(United Nations) Between 2019 and 2021, 67 million children were completely or partially deprived of life-saving vaccines due to disruptions related to COVID-19, setting the world back more than 10 years in terms of childhood vaccination, s alarm the UN.
In three years, due to constraints on health systems or pandemic-related lockdowns, “more than a decade of progress in routine childhood immunizations has been undermined”, and “recovering the right path will be a challenge, ”underlines the UNICEF report published on Wednesday, which is worried about the risk of epidemics of measles or polio.
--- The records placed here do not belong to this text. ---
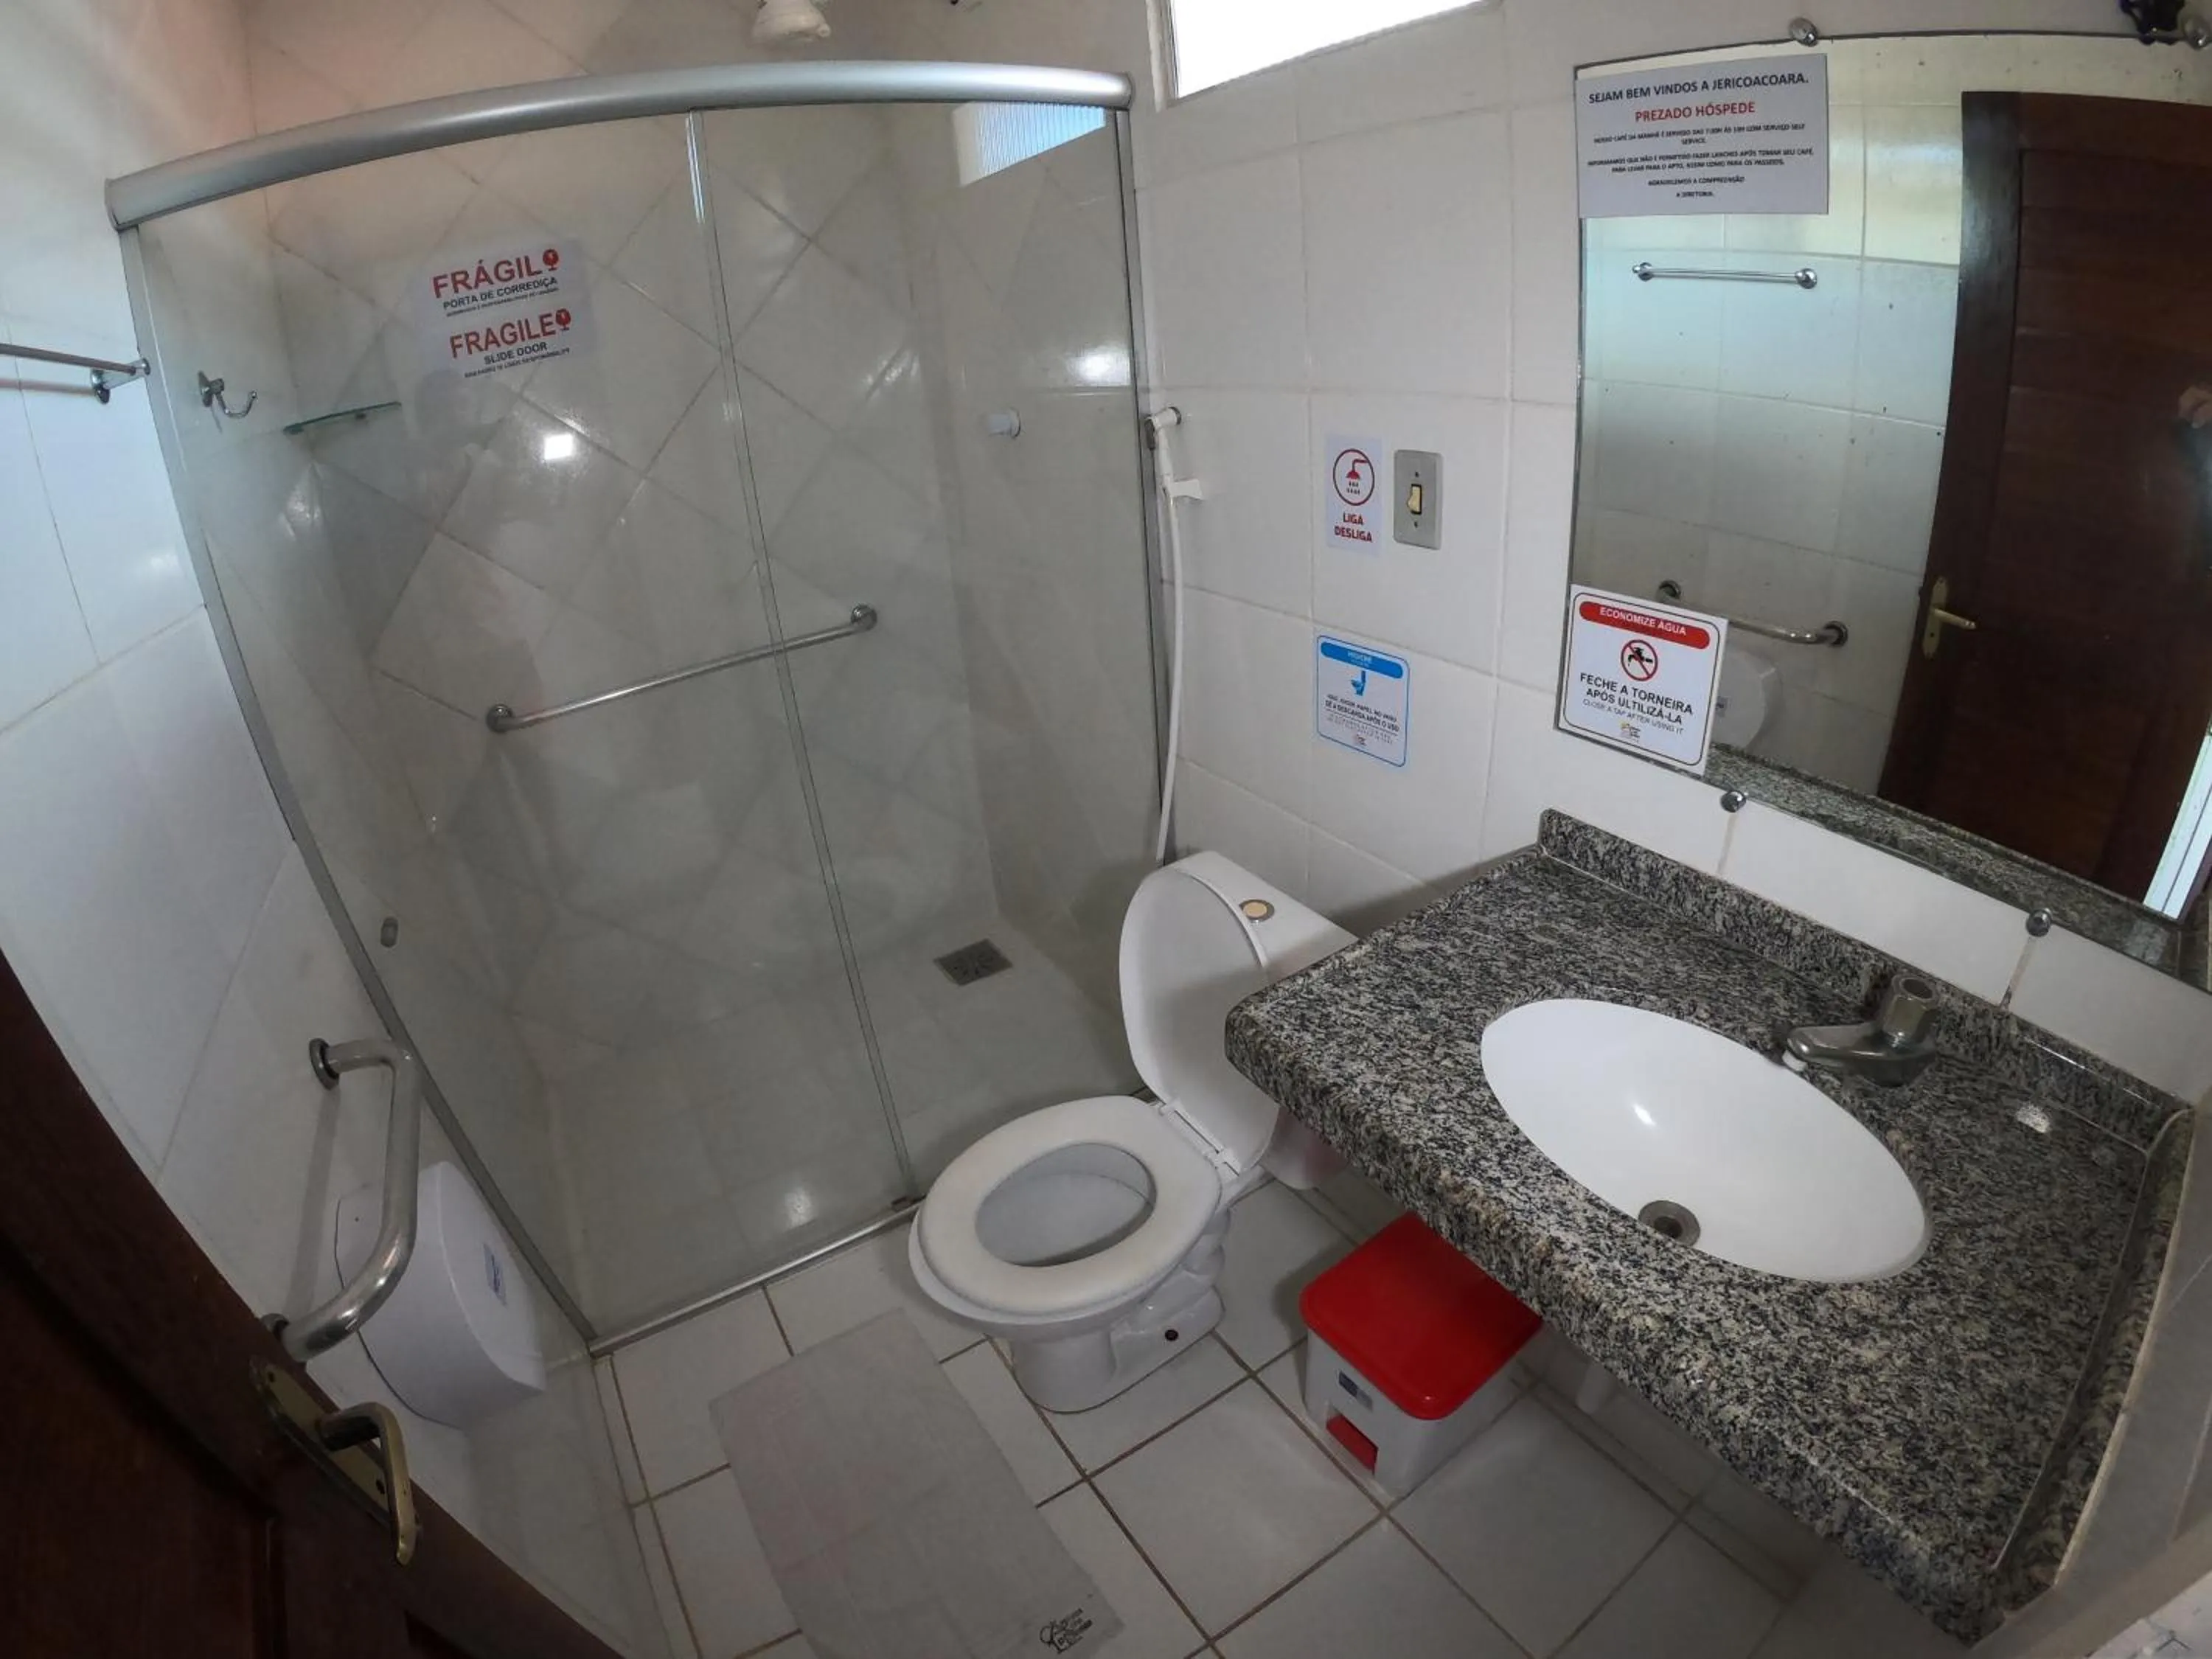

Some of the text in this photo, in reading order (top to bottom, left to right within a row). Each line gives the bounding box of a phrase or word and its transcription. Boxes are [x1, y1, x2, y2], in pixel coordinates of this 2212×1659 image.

[1589, 73, 1808, 104] SEJAM BEM VINDOS A JERICOACOARA.
[1635, 102, 1756, 122] PREZADO HÓSPEDE
[433, 255, 543, 299] FRÁGIL
[443, 294, 478, 310] PORTA
[481, 291, 494, 302] DE
[496, 276, 558, 296] CORREDIÇA
[449, 313, 557, 359] FRAGILE
[484, 350, 515, 365] SLIDE
[517, 341, 548, 356] DOOR
[1343, 512, 1364, 526] LIGA
[1334, 525, 1373, 543] DESLIGA
[1599, 606, 1656, 628] ECONOMIZE
[1580, 672, 1693, 714] FECHE A TORNEIRA
[1586, 687, 1615, 704] APÓS
[1627, 712, 1650, 723] AFTER
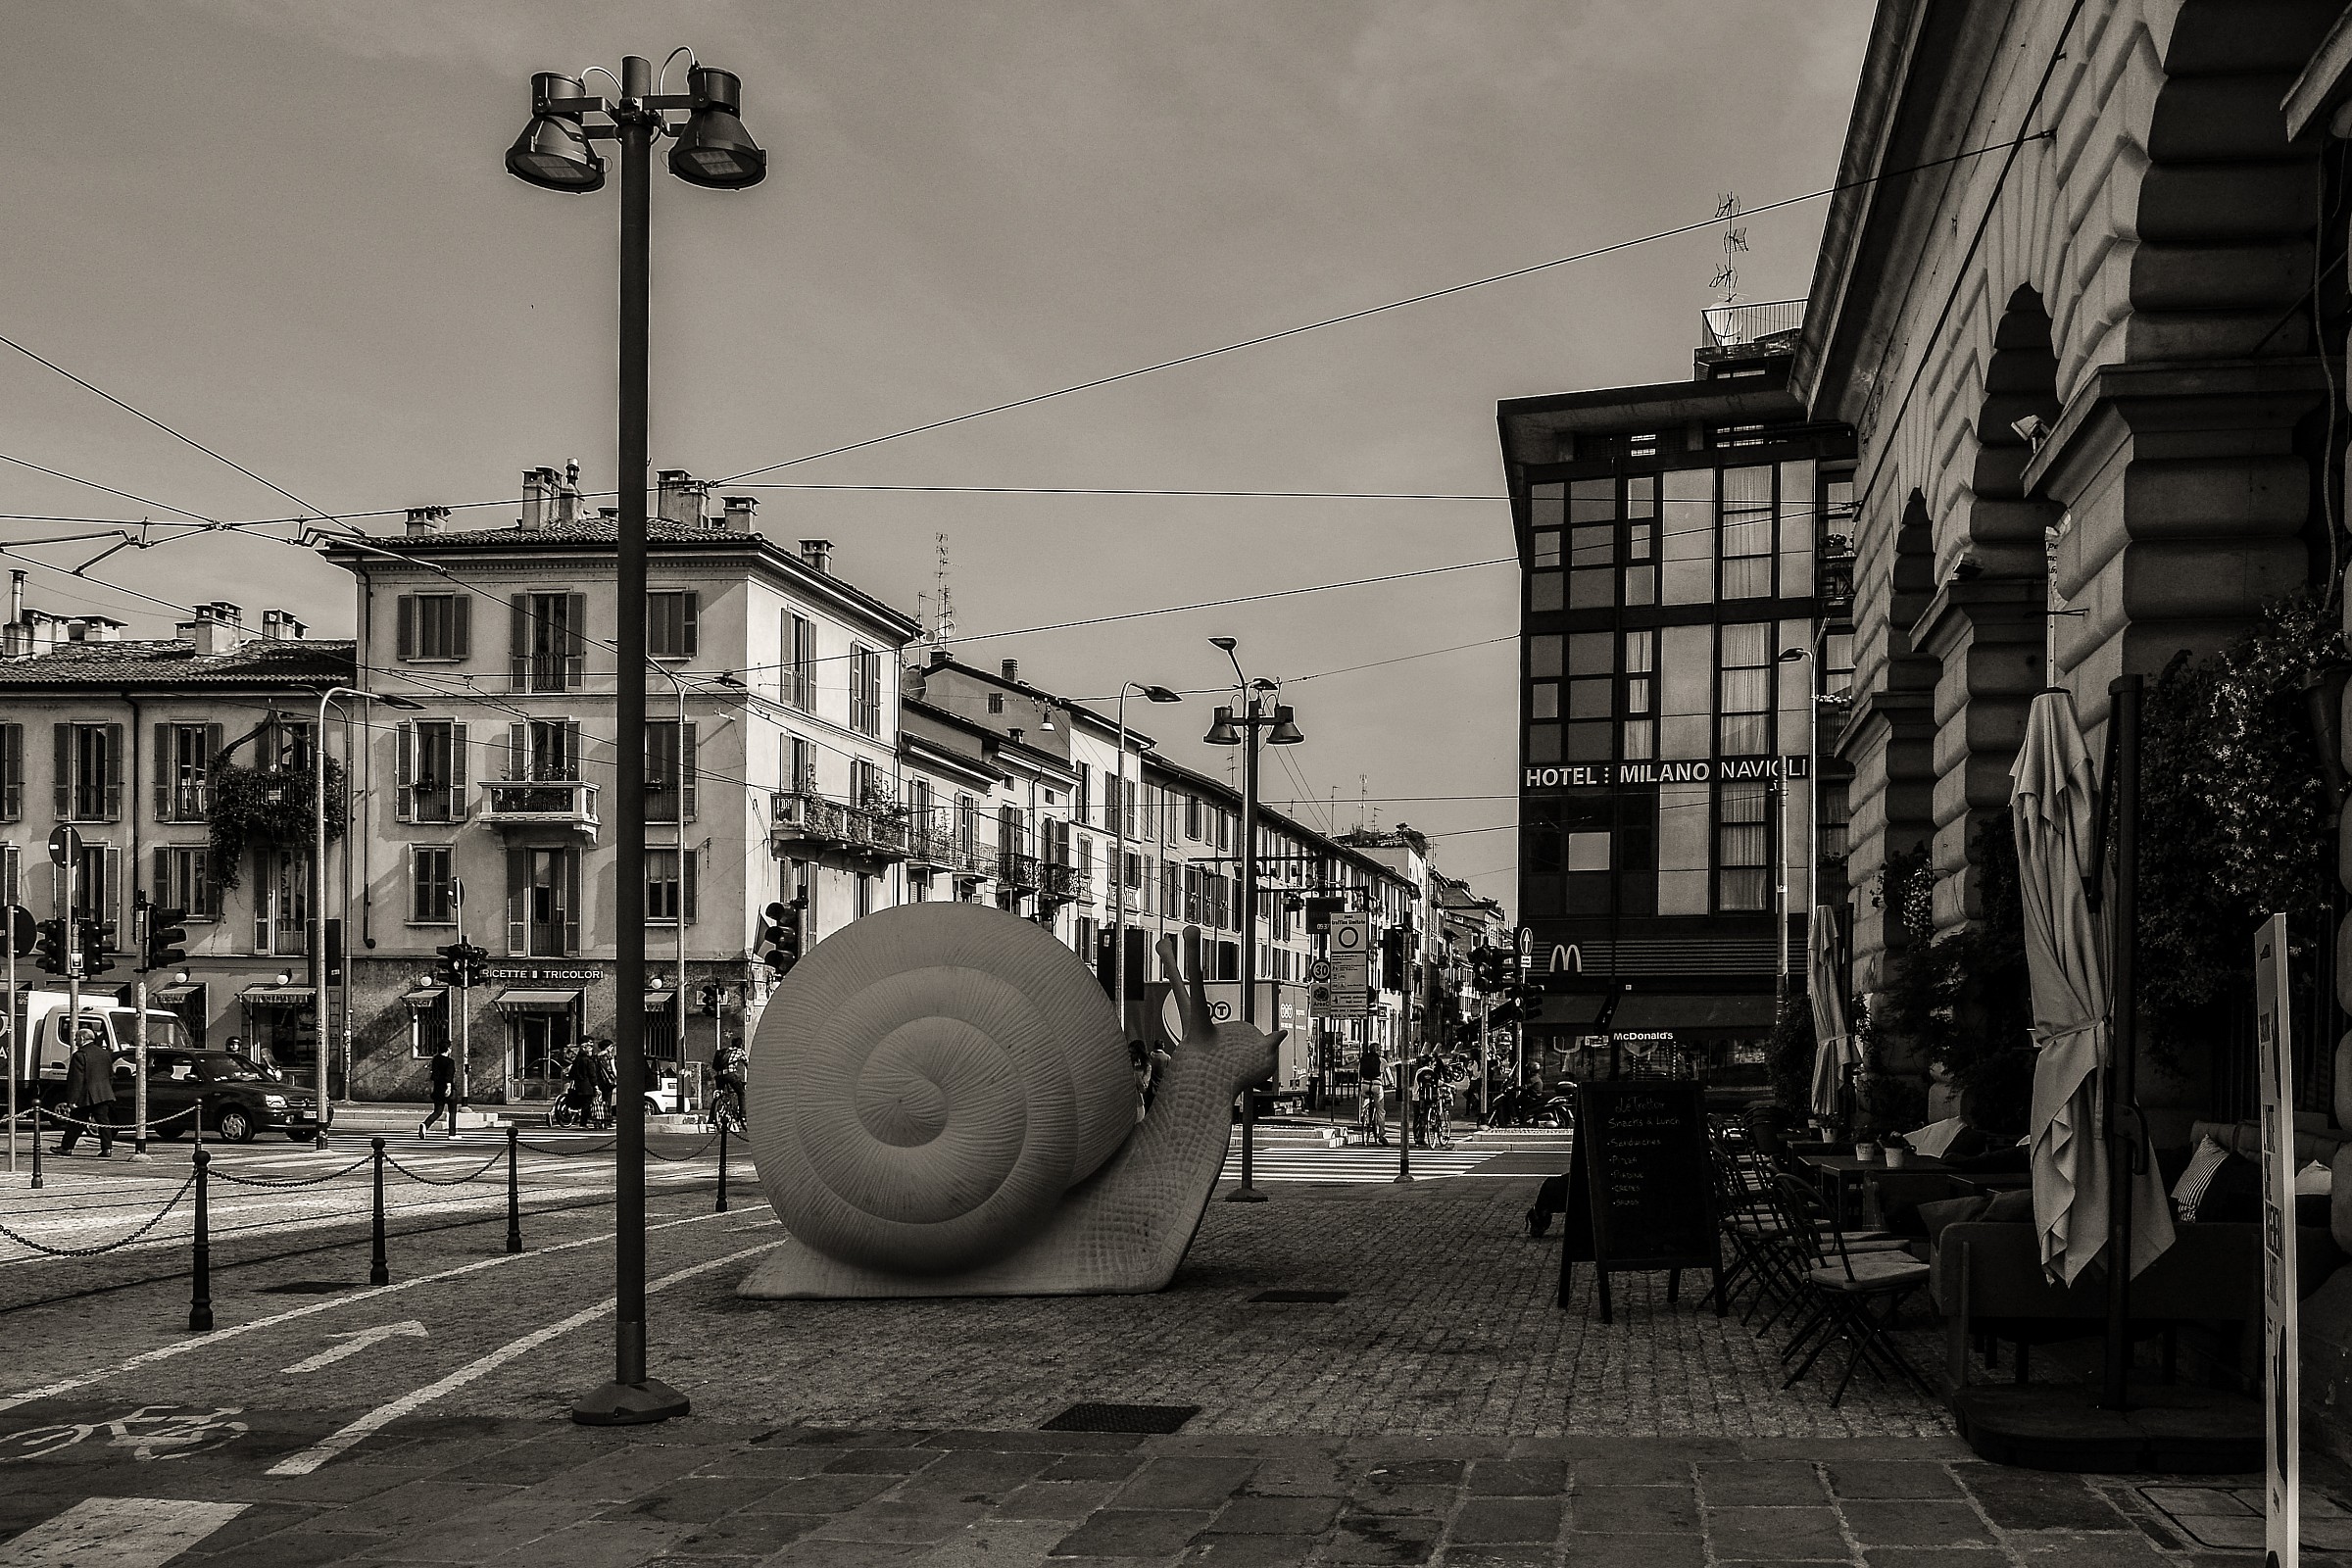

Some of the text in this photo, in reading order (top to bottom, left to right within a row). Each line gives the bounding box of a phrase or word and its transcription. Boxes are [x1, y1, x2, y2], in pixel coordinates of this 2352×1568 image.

[1526, 766, 1597, 787] HOTEL
[1619, 762, 1711, 784] MILANO
[482, 969, 604, 979] RICETTE TRICOLORI
[1315, 965, 1329, 976] 30
[1613, 1032, 1674, 1041] McDonald's
[1608, 1117, 1643, 1129] Snacks
[1656, 1115, 1681, 1127] Lunch
According to the UN agency, this vaccination coverage is down in 112 countries. And between 2019 and 2021, the global childhood immunization rate fell by 5 percentage points, to 81%, a level not seen since 2008: 67 million children missed out on vaccines, particularly in Africa and South Asia, and 48 million of them received no dose of any kind.
A situation all the more worrying as this decline occurred at the end of a decade when “the growth of childhood vaccination was stagnating”, after the massive increase in the 1980s, underlines the UN agency.
“Vaccines have played a really important role in enabling children to live long, healthy lives,” so “any decline in vaccination rates is worrying,” report editor Brian Keeley told AFP. .
Immunizing children thus saves 4.4 million lives each year, UNICEF points out, a number that could rise to 5.8 million if the world managed to halve the number of children deprived of essential vaccines and to achieve 90% coverage for key life-saving vaccines.
Before the introduction of the vaccine in 1963, measles killed some 2.6 million people a year, mostly children. A figure dropped to 128,000 in 2021 for this disease which today is of particular concern to the UN.
In three years, the vaccination rate against measles — so contagious that it requires 95% vaccinations in a community to achieve herd immunity — has dropped from 86% to 81%, according to the report. And the number of measles cases doubled in 2022 compared to 2021.
Falling confidence
The fall in the vaccination rate, similar for polio, diphtheria or whooping cough, is also occurring in a broader context of the “survival crisis” of children, notes UNICEF, highlighting an overlapping of crises (malnutrition, impacts climate change, poverty, etc.)
“It is increasingly difficult for health systems and governments to meet the need for vaccinations,” said Brian Keeley.
To improve vaccination coverage, however, it is necessary to “strengthen primary health care and provide front-line personnel, mostly women, with the resources and support they need”, insists UNICEF.
Not to mention the 67 million children deprived of vaccines during COVID-19 who will fall out of the age group targeted by vaccinations, pleads Mr. Keeley, calling for them for a “determined program of catch-up”.
At the same time, while the debates around COVID-19 have put anti-vaccines back in the spotlight, the report worries about a drop in confidence in vaccination in 52 out of 55 countries studied.
“These data are a worrying warning signal,” UNICEF boss Catherine Russell warned in a statement.
“Trust in routine immunization must not be a casualty of the pandemic as well, or large numbers of children will soon die of measles, diphtheria or other diseases. avoidable”.
In half of these 55 countries, “notoriously changing” vaccine confidence remains above 80%, however, tempers UNICEF.
And despite this mistrust, “there is reason to be optimistic that services are resuming in a number of countries,” said Brian Keeley, referring to “encouraging” preliminary data for vaccinations in 2022.
But “even if we manage to get back to where we were before the pandemic, hopefully in a few years”, progress will still have to be made to vaccinate those who were deprived of their injections already before COVID-19, insists he.